According to the National Institute on Drug Abuse (NIDA), CBD has been found to lower stress in animals such as mice when used to treat generalized anxiety disorder (GAD).

Participants in the study were shown to have reduced levels of anxiety-related behavior and their physiological anxiety symptoms, such as elevated heart rate, also eased. (23).

Other types of anxiety, such as social anxiety disorder, adjustment disorder, and post-traumatic stress disorder, may benefit from CBD as well.

It may also aid in the treatment of anxiety-related sleeplessness. CBD has been investigated as an independent PTSD treatment as well as a complement to standard therapies such as medications and cognitive behavioral therapy.

Although FDA has not yet approved CBD for usage, this natural cannabinoid is widely accessible in tablet, liquid extract, vape liquid, and topical cream form.

CBD is usually regarded as safe. However, some people who use CBD may have adverse effects such as diarrhea, tiredness, changes in appetite, and weight fluctuations.

CBD may potentially interfere with any drugs or dietary supplements you use. If you are on any other medications, take extra caution and consult your doctor.

Final Words

The FDA does not supervise herbal supplements like pharmaceuticals.  Despite improved quality control requirements, the quality of certain supplements may still be a concern.
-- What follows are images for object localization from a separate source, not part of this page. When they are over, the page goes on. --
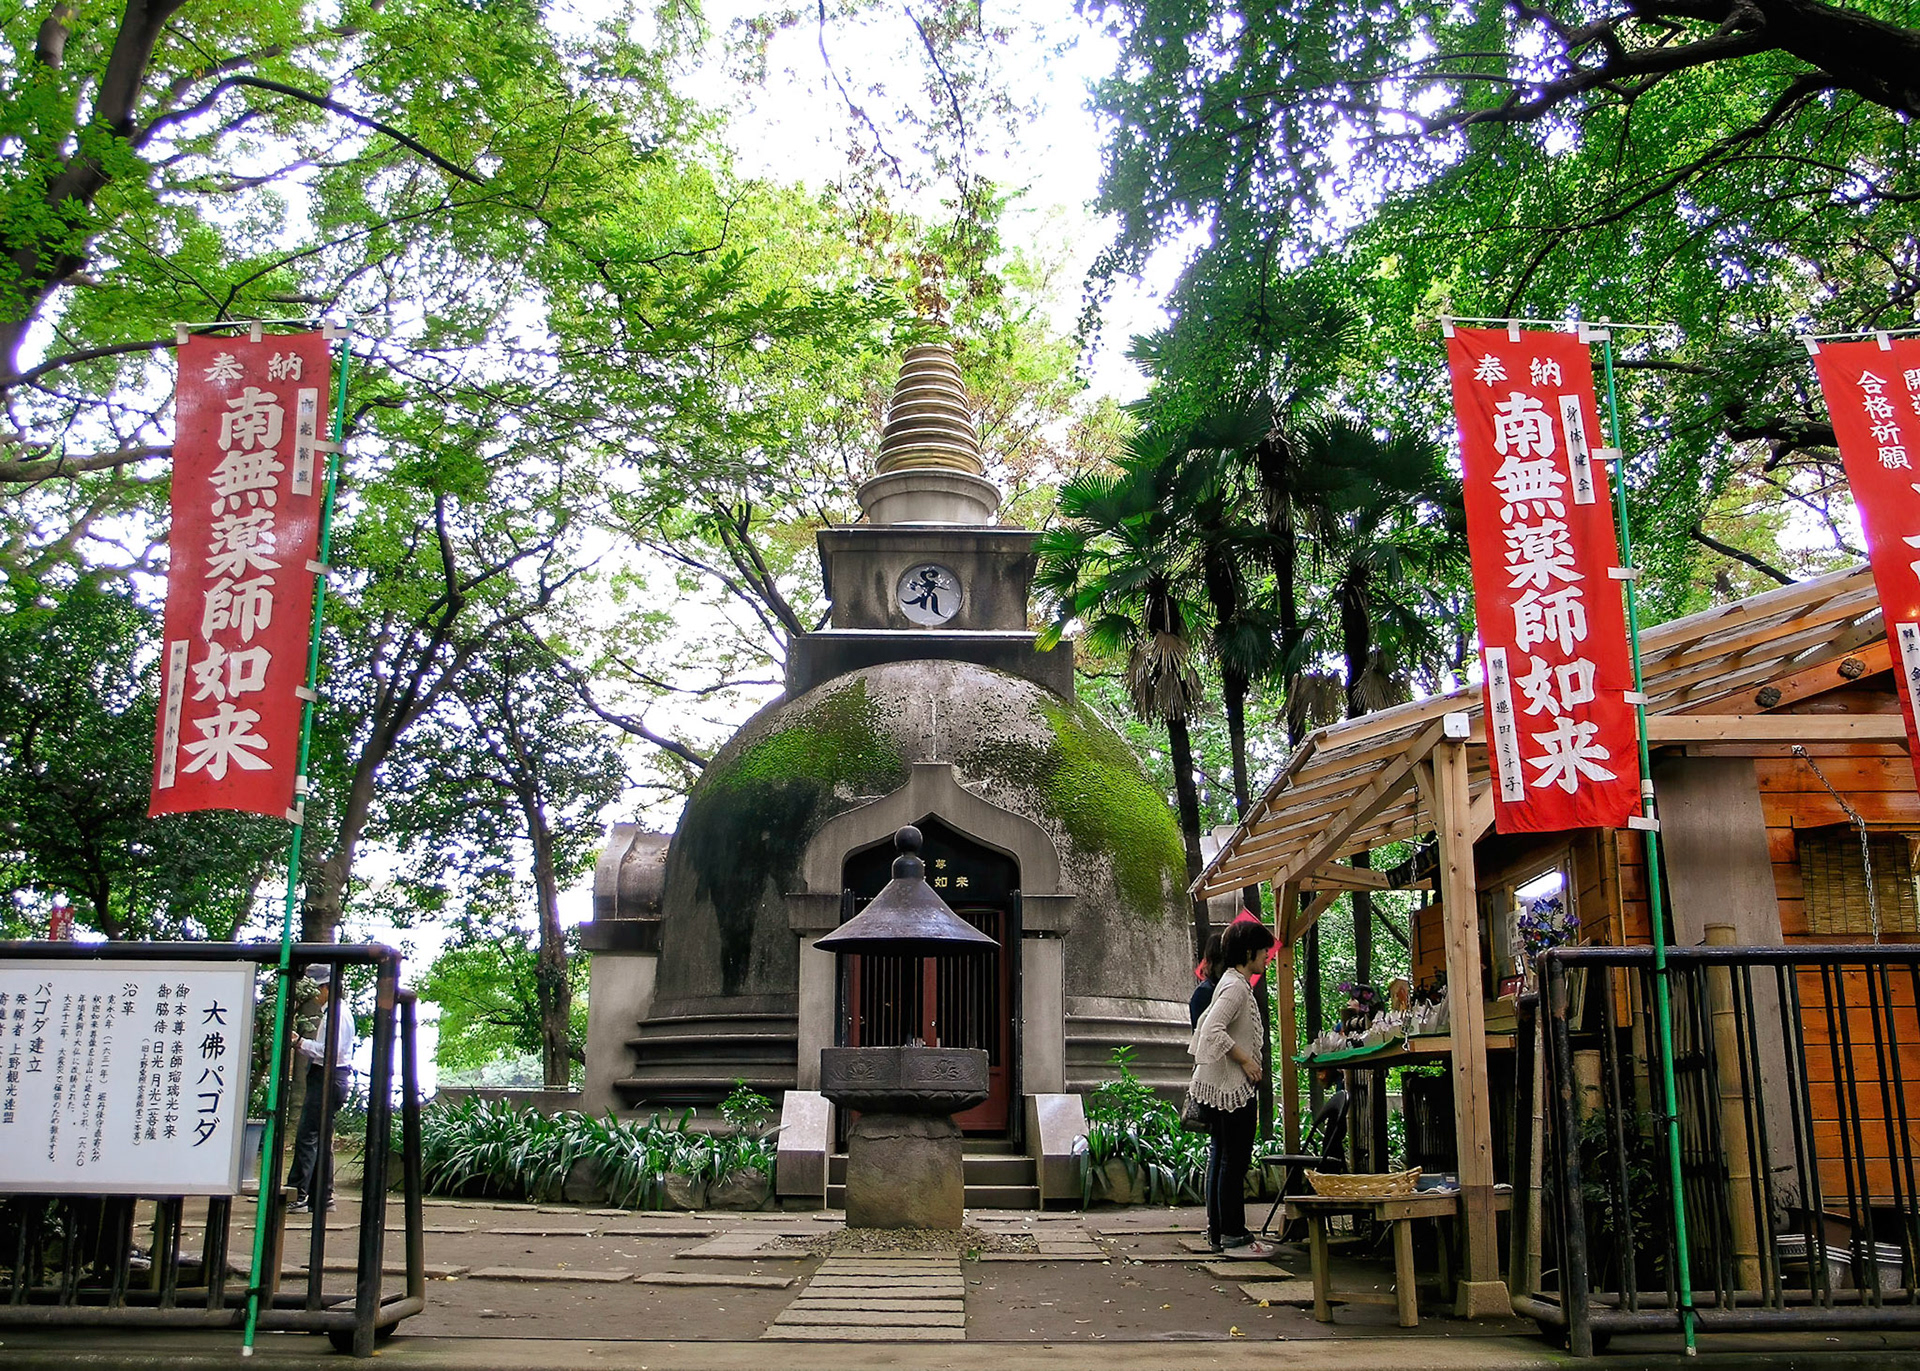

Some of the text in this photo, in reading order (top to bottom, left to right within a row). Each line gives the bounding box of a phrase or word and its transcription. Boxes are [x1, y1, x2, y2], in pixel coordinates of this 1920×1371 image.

[204, 351, 304, 386] 奉納
[1474, 352, 1563, 388] 奉納
[1566, 405, 1590, 492] 身体健全
[1857, 370, 1913, 470] 合格祈願
[182, 387, 285, 781] 南無薬師如来
[1492, 392, 1617, 795] 南無薬師如来
[26, 982, 52, 1074] パゴダ建立
[120, 982, 139, 1016] 沿革
[153, 983, 172, 1035] 御脇侍
[2, 993, 28, 1124] 発願者 上野観光連盟
[163, 983, 191, 1138] 御本尊 薬師瑠璃光如来
[192, 999, 228, 1147] 大佛パゴダ
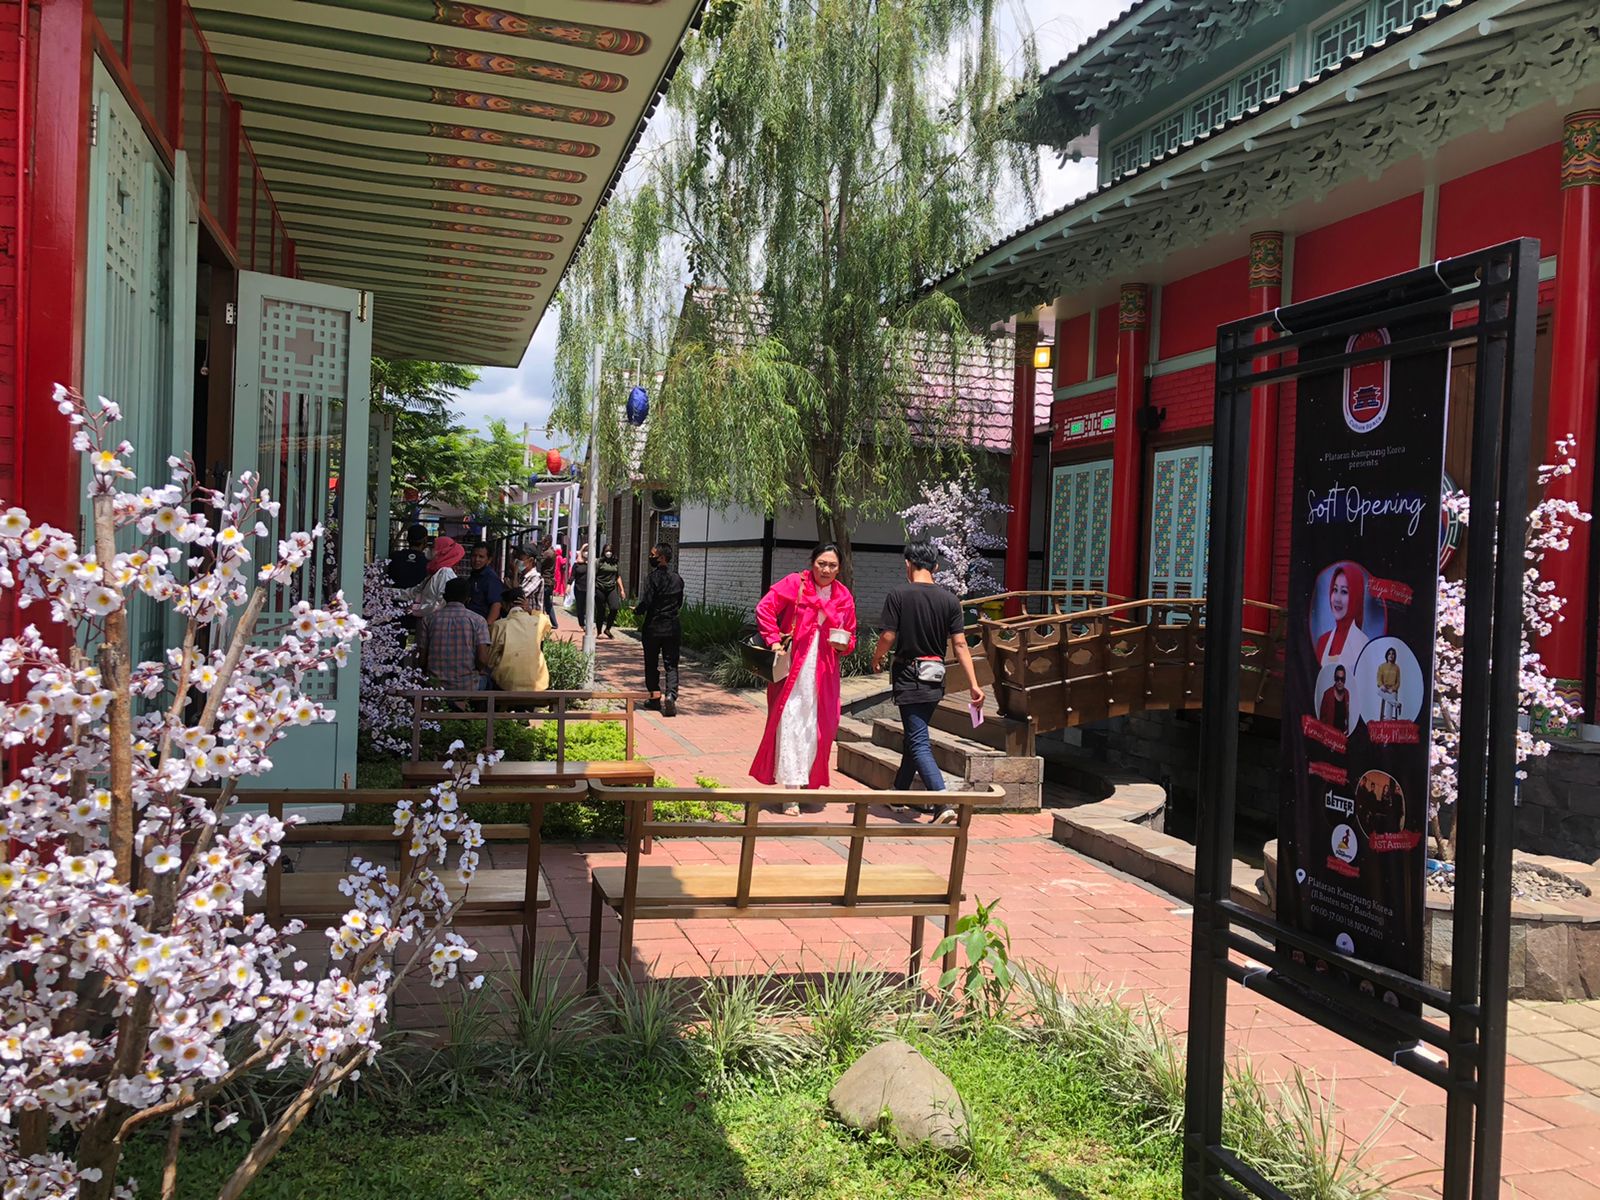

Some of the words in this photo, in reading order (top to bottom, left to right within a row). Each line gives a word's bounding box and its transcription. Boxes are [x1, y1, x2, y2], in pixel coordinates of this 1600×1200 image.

[1351, 448, 1386, 460] Kampung
[1386, 445, 1406, 456] Korea
[1348, 458, 1379, 470] presents
[1307, 481, 1345, 525] Soft
[1345, 485, 1427, 537] Opening
[1327, 795, 1353, 812] BETTER
[1307, 876, 1336, 895] Plataran
[1336, 886, 1372, 909] Kampung
[1372, 899, 1393, 917] Korea
All of the herbs listed above have been scientifically proved to help with anxiety and have minimal negative effects. However, before lowering or discontinuing prescription medicine and beginning an herbal supplement, see your doctor.

Some herbs might have negative side effects or interact with other medications and bring unwanted consequences.

Some herbal remedies for anxiety might make you sleepy, so do not take them if you are driving or doing other risky jobs. If you decide to try an herbal supplement, your doctor can help you know the implications and possibilities.

Although herbal treatments are highly efficient, they cannot assist with severe forms of anxiety or major depressive disorders. A mental health expert should be sought in that situation.